Siberian policeman convicted for 56 more murders

A Siberian police officer labelled Russia’s most prolific non-political mass murderer in recent years, has been convicted for killing 56 more people, bringing the total victims to at least 78.
A court in Siberia found Mikhail Popkov (pictured) of Angarsk guilty of the murders between 1994 and 2000 and sentenced him to life in jail.
The 54-year-old, nicknamed “the werewolf” and the “Angarsk maniac” by the Russian media, would offer victims late-night rides in his car.
Regional prosecutor Aleksandr Shkinev said: “There is no doubt that Popkov committed these murders. He clearly showed the places where the bodies were buried, and, by an earring, tattoo or some other feature, described the murders and victims in detail.”
Shkinev said 14 of the victims were still unidentified.
Popkov, who was detained in 2012 after a DNA match on his car, is already serving life for 22 other murders.
The victims were all women between 15 and 40 apart from one man, another police officer. In three cases, he was on patrol in his police car.
Popkov killed his victims around Angarsk in the Irkutsk region with an axe, shovel or hammer, dumping their mutilated bodies in forests, beside the road and in a cemetery. At least 10 were raped.
After the corpses were discovered, he sometimes returned to the scene as a police officer.
He claimed to be a “cleaner” who was “purging” Angarsk of “immoral” women or prostitutes.
He told the Russian newspaper Komsomolskaya Pravda: “They left their husbands and children at home and went out [drinking] as if for the last time.
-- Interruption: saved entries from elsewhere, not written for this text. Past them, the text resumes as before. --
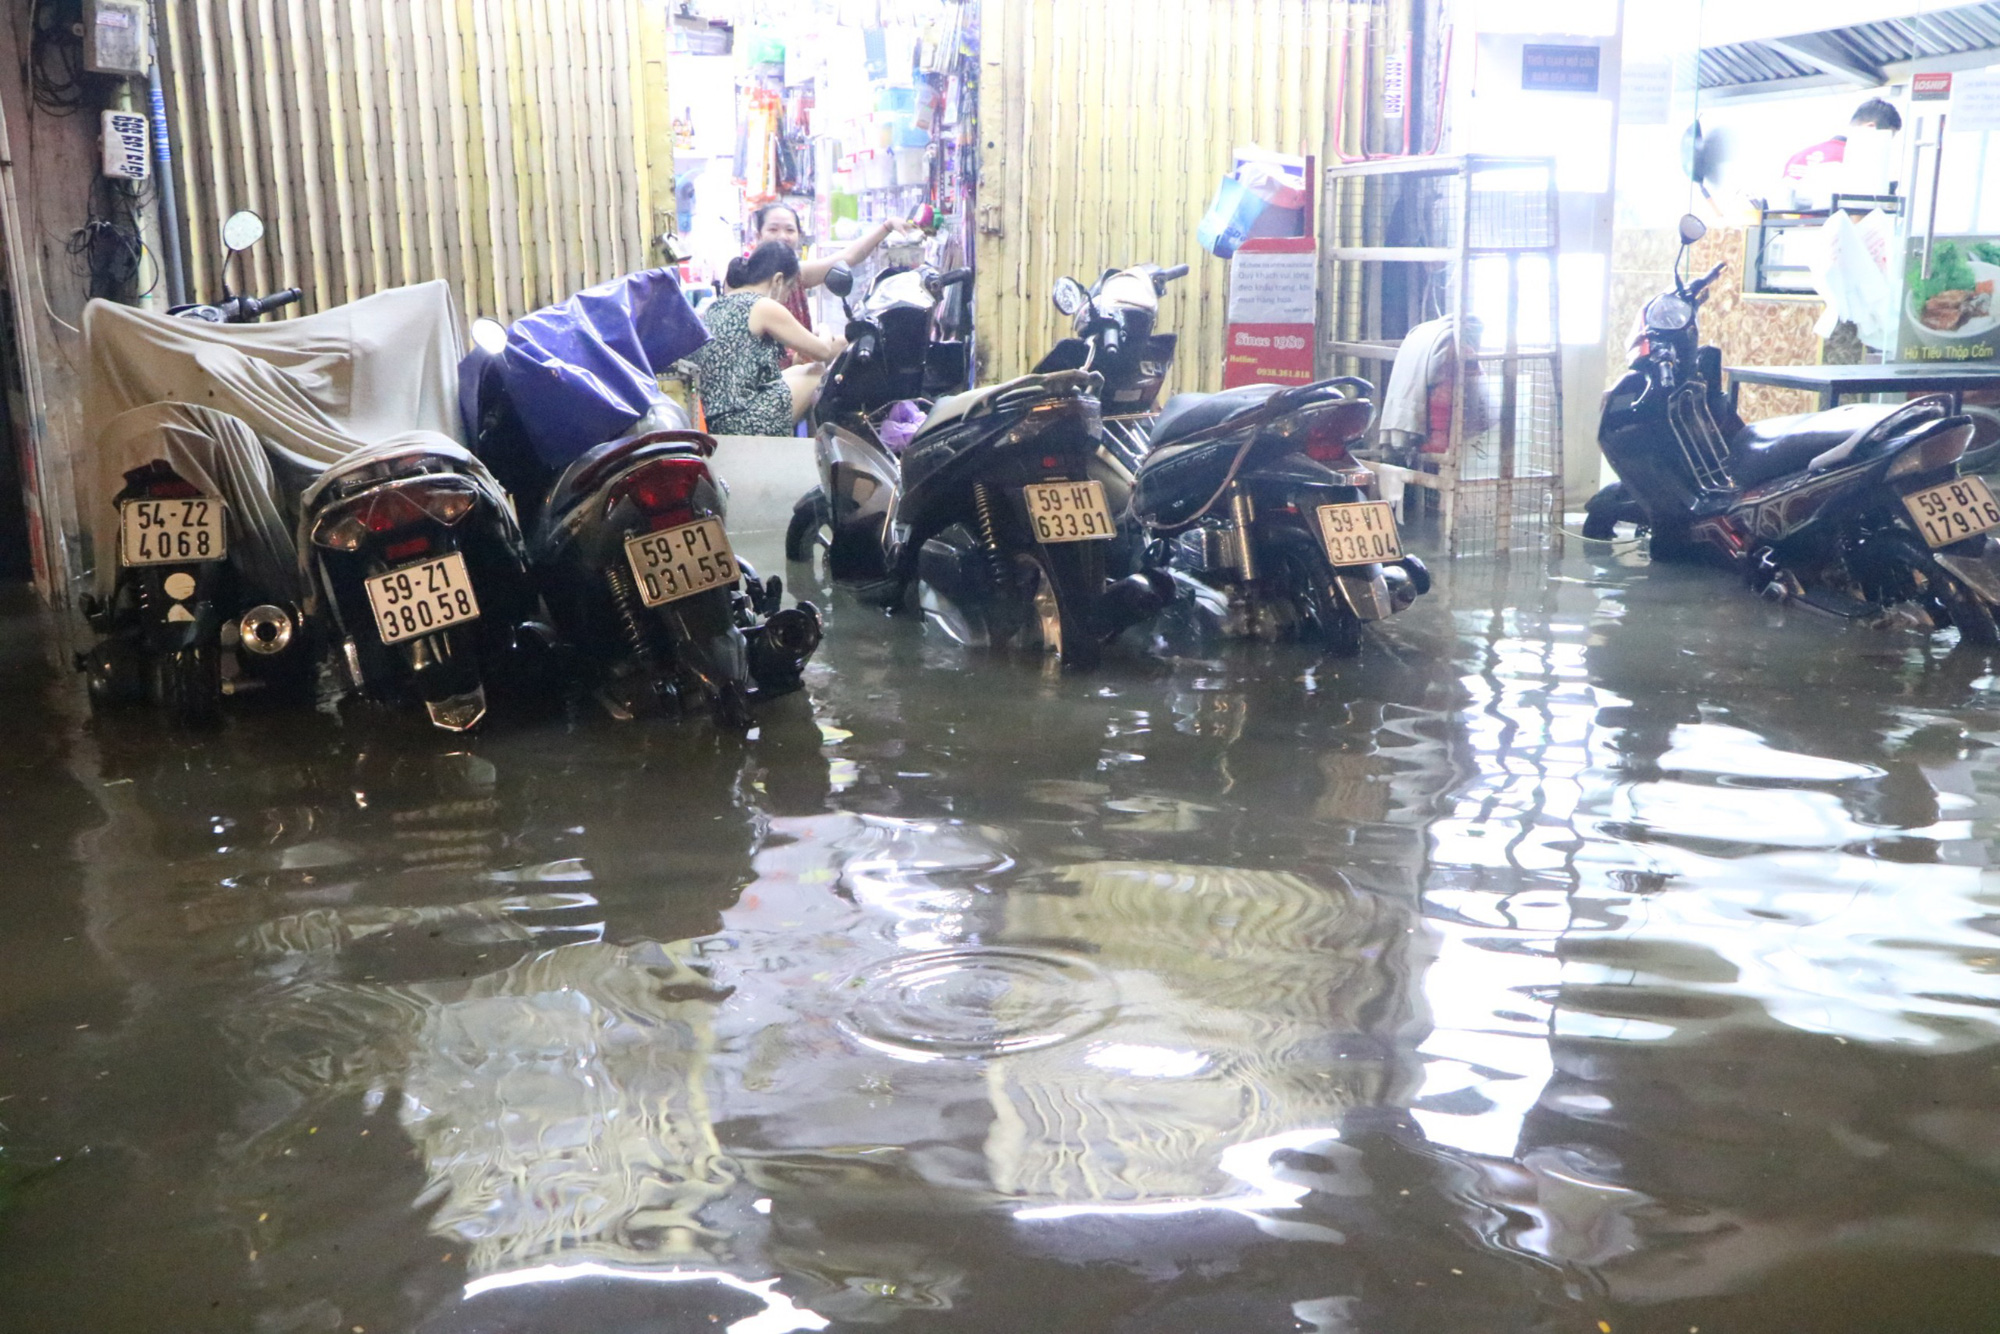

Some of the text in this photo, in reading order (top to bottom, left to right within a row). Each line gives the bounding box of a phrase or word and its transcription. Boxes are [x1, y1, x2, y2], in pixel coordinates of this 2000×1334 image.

[1234, 332, 1271, 347] Since
[1945, 344, 1969, 360] Thập
[1971, 340, 1993, 358] Cẩm
[1037, 487, 1093, 512] 59-H1
[137, 501, 209, 529] 54-Z2
[1037, 511, 1108, 538] 633.91
[1329, 507, 1383, 532] 59-V1
[1925, 502, 2000, 542] 179.16
[139, 531, 210, 560] 4068
[641, 526, 711, 568] 59-P1
[1331, 533, 1397, 560] 338.04
[381, 561, 451, 604] 59-Z1
[644, 551, 732, 600] 031.55
[383, 588, 471, 637] 380.58
Of course, nobody is without sin. But one must not hurt one’s dearest.”
He added that he was “disappointed” by the loss of his police pension.
Some women were found alive but later died in hospital.
He will be sent to the “black dolphin” high-security prison on the remote border with Kazakhstan which houses Russia’s most brutal criminals. In 1996, Russia introduced a moratorium on the death penalty.
Popkov goes down as Russia’s most prolific serial killer in at least a century, not including political leaders.
The conviction appeared to confirm claims by Popkov that he had killed 84 times, but three cases were excluded because of a lack of evidence.
He overtook “chessboard killer” Alexander Pichushkin, who murdered 48 times, and Andrei Chikatilo, who killed 52.
The police lieutenant retired in 1998 was diagnosed as sane but with a “pathological attraction to killing people”, according to prosecutors.